SUPPLIED DATA –

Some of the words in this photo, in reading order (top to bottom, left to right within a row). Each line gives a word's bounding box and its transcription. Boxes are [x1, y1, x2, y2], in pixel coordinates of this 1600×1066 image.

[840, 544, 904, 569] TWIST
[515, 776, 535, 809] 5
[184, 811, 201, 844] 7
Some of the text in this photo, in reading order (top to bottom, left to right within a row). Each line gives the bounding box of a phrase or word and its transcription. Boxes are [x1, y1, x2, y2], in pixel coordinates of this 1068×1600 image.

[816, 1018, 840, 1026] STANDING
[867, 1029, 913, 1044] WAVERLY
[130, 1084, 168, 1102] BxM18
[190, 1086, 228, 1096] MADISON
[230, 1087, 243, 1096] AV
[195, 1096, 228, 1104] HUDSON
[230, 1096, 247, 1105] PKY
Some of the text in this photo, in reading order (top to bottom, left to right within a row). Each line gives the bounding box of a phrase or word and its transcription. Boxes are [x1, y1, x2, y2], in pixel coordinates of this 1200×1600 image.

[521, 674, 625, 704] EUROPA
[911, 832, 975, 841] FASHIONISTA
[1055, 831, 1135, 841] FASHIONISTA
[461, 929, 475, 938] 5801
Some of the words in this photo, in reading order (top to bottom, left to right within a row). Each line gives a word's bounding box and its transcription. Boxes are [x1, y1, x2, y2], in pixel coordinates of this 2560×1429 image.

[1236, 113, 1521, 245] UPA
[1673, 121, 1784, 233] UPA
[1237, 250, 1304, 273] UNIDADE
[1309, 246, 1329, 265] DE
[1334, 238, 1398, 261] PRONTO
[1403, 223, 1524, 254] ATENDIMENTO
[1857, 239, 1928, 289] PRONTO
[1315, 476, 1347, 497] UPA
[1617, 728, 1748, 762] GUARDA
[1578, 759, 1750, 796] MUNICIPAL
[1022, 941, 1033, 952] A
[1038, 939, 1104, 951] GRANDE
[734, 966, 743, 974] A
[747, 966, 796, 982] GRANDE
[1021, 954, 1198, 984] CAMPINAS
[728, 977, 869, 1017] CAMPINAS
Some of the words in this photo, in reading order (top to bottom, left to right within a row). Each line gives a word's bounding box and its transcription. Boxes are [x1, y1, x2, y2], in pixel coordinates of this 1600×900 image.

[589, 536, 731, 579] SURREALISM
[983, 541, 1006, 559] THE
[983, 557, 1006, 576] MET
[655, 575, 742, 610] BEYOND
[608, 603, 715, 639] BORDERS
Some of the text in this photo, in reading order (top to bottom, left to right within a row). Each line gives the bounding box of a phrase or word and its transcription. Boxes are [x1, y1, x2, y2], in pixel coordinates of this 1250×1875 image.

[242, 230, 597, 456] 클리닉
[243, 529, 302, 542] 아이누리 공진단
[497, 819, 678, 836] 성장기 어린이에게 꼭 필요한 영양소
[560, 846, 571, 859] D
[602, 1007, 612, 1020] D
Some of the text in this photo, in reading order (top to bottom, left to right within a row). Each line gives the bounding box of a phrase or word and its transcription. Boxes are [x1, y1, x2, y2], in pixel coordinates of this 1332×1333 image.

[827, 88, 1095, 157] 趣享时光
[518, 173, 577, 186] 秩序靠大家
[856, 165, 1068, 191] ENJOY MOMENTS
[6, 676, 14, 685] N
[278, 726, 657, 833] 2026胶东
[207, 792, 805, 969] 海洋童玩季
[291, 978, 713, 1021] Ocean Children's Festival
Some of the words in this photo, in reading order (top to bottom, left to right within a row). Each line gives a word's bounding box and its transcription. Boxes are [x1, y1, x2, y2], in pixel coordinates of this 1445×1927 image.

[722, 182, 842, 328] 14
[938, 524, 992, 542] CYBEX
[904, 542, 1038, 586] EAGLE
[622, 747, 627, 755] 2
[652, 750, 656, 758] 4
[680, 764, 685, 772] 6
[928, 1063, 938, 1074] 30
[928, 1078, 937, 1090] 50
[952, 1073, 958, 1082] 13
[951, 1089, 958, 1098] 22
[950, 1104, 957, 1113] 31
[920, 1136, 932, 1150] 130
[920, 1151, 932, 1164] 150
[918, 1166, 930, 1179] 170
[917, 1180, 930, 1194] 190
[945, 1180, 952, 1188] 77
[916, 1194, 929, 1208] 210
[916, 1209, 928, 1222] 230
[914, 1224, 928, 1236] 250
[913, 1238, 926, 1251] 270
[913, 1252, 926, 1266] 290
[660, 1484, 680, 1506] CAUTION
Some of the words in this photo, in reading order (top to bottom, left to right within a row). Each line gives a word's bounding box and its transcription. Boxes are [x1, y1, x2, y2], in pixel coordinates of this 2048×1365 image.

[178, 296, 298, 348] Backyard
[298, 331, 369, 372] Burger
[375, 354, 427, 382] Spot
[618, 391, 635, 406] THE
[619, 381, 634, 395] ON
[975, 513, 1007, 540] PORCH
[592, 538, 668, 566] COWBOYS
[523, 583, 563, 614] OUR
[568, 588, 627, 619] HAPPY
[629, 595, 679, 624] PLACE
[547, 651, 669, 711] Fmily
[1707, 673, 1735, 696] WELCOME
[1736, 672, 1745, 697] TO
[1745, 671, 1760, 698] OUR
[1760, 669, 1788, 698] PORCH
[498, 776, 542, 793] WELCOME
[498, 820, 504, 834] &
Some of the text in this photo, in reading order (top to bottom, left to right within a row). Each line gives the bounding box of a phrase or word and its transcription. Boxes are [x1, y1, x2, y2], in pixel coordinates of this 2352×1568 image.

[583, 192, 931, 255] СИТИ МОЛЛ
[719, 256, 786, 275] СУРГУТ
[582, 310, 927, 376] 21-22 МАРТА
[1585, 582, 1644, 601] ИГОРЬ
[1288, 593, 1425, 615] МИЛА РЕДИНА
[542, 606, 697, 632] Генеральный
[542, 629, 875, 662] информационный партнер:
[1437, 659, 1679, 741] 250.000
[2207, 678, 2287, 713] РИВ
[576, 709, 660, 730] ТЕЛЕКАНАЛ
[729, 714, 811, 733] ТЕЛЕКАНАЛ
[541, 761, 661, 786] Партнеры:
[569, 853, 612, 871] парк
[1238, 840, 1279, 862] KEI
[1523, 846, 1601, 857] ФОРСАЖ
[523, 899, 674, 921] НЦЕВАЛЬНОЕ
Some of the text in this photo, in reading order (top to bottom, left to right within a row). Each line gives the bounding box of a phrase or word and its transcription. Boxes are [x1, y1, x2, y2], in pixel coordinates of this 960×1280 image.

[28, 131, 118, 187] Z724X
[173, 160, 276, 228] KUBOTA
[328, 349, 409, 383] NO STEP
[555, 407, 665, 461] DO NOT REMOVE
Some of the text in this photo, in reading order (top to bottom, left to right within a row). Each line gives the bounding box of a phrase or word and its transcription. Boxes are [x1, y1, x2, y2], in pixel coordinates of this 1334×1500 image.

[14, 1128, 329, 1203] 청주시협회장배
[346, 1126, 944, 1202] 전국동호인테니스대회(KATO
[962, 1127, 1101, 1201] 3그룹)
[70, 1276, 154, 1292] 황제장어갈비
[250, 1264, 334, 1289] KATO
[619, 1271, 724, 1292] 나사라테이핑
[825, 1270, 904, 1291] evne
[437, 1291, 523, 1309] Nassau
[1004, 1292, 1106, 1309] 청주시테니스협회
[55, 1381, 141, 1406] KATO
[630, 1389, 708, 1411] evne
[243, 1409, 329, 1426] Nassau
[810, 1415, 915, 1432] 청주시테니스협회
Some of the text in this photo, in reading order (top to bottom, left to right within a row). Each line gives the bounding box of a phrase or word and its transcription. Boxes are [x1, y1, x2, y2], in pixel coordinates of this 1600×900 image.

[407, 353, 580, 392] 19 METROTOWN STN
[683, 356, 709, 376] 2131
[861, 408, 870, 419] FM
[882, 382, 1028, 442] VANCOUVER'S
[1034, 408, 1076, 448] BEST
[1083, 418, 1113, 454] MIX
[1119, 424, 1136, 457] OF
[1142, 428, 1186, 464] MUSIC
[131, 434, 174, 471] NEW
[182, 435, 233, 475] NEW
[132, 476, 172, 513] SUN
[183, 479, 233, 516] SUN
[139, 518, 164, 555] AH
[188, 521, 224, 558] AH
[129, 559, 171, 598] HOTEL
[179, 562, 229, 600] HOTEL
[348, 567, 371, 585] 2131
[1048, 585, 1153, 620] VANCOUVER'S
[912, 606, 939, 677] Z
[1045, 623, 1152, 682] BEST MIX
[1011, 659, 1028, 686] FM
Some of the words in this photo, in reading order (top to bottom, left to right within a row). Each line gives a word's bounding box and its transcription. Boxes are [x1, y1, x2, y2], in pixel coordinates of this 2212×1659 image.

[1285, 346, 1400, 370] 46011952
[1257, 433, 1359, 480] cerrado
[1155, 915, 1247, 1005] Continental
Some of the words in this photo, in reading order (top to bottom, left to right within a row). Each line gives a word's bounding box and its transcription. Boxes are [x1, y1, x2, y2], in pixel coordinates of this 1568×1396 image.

PROMPT – Taking the line that contains "this 1334×1500 image." as the first, reproduce every line through the end of the entries exactly.

ANSWER TO THIS PROBLEM –
Some of the text in this photo, in reading order (top to bottom, left to right within a row). Each line gives the bounding box of a phrase or word and its transcription. Boxes are [x1, y1, x2, y2], in pixel coordinates of this 1334×1500 image.

[14, 1128, 329, 1203] 청주시협회장배
[346, 1126, 944, 1202] 전국동호인테니스대회(KATO
[962, 1127, 1101, 1201] 3그룹)
[70, 1276, 154, 1292] 황제장어갈비
[250, 1264, 334, 1289] KATO
[619, 1271, 724, 1292] 나사라테이핑
[825, 1270, 904, 1291] evne
[437, 1291, 523, 1309] Nassau
[1004, 1292, 1106, 1309] 청주시테니스협회
[55, 1381, 141, 1406] KATO
[630, 1389, 708, 1411] evne
[243, 1409, 329, 1426] Nassau
[810, 1415, 915, 1432] 청주시테니스협회
Some of the text in this photo, in reading order (top to bottom, left to right within a row). Each line gives the bounding box of a phrase or word and its transcription. Boxes are [x1, y1, x2, y2], in pixel coordinates of this 1600×900 image.

[407, 353, 580, 392] 19 METROTOWN STN
[683, 356, 709, 376] 2131
[861, 408, 870, 419] FM
[882, 382, 1028, 442] VANCOUVER'S
[1034, 408, 1076, 448] BEST
[1083, 418, 1113, 454] MIX
[1119, 424, 1136, 457] OF
[1142, 428, 1186, 464] MUSIC
[131, 434, 174, 471] NEW
[182, 435, 233, 475] NEW
[132, 476, 172, 513] SUN
[183, 479, 233, 516] SUN
[139, 518, 164, 555] AH
[188, 521, 224, 558] AH
[129, 559, 171, 598] HOTEL
[179, 562, 229, 600] HOTEL
[348, 567, 371, 585] 2131
[1048, 585, 1153, 620] VANCOUVER'S
[912, 606, 939, 677] Z
[1045, 623, 1152, 682] BEST MIX
[1011, 659, 1028, 686] FM
Some of the words in this photo, in reading order (top to bottom, left to right within a row). Each line gives a word's bounding box and its transcription. Boxes are [x1, y1, x2, y2], in pixel coordinates of this 2212×1659 image.

[1285, 346, 1400, 370] 46011952
[1257, 433, 1359, 480] cerrado
[1155, 915, 1247, 1005] Continental
Some of the words in this photo, in reading order (top to bottom, left to right within a row). Each line gives a word's bounding box and its transcription. Boxes are [x1, y1, x2, y2], in pixel coordinates of this 1568×1396 image.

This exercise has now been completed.